CONCEPTS USED:

Greedy algorithm.

DIFFICULTY LEVEL:

PROBLEM STATEMENT(SIMPLIFIED):

Arnab is playing a game. He is given a number N in string format and now he is asked to remove M digits from the number as a part of the game. He wants to return with the maximum value of N possible(Order of digits should not change).

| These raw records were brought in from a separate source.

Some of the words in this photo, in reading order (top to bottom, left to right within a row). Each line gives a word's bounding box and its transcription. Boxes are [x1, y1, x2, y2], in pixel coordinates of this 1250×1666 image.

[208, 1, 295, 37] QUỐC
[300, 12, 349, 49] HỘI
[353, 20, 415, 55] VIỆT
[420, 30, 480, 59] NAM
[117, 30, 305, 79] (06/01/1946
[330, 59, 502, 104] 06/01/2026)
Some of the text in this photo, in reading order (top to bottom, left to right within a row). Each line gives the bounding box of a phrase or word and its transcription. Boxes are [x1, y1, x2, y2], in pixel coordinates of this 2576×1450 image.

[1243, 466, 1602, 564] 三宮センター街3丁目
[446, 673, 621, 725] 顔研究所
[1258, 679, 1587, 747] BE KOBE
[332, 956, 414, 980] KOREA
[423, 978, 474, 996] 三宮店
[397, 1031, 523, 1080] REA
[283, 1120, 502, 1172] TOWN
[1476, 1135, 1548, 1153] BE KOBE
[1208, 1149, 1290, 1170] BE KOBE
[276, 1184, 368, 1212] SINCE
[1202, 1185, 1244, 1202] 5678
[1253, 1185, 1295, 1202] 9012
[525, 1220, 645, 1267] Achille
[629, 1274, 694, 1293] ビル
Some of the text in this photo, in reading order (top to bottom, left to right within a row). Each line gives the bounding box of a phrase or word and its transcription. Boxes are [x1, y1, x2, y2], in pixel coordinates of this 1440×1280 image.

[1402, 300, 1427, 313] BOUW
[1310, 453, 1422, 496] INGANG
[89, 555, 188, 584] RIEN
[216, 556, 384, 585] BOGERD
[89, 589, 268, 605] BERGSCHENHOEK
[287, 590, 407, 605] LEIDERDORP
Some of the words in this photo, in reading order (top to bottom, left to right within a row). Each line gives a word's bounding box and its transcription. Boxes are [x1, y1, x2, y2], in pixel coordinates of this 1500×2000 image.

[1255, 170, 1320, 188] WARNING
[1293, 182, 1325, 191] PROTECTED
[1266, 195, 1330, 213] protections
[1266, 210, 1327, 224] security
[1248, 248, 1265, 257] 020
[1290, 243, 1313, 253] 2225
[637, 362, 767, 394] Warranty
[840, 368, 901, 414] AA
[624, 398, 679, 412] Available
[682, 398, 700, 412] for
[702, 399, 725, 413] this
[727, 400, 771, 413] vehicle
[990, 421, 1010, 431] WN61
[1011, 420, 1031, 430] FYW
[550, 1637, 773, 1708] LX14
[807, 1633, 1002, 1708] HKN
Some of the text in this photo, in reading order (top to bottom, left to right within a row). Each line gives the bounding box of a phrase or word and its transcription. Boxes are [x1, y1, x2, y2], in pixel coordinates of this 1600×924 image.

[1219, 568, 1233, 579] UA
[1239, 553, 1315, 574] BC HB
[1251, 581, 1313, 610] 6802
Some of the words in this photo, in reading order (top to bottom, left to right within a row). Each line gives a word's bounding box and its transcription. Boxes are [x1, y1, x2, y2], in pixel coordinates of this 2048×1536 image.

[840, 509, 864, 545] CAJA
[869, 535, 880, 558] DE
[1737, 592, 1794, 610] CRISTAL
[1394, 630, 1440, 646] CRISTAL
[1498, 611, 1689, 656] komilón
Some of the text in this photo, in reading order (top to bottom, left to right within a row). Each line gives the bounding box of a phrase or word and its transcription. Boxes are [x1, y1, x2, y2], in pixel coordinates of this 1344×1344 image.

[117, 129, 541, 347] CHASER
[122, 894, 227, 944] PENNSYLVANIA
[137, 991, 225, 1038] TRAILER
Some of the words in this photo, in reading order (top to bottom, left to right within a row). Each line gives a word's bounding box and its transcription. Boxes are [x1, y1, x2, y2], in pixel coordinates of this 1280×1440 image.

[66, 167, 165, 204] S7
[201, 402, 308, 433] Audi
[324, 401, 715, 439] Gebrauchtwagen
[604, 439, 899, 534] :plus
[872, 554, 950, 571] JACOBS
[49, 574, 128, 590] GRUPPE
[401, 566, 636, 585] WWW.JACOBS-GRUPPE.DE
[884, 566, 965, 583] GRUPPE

Print the maximum value of N.

See original problem statement here

For Example :

1
421 1

If we remove 4 ,the number obtained is 21.
If we remove 2,we get 41.
Removing 1 gives 42.

maximum of 21 ,41 and 42 is 42.

OBSERVATION:

To get the maximum possible number after removing m digits, we shall remove m lowest digits.

SOLVING APPROACH:

This problem demands greedy approach.

Iterating m times and removing each digit one by one to get the maximum number for each m is basically what is required to solve the problem.

  1. Run a loop m times.

  2. In each iteration, store the maximum number obtained by removing every digit from the current value of n.

  3. Consider this maximum as the current value of n and proceed to the next iteration and repeat the above step.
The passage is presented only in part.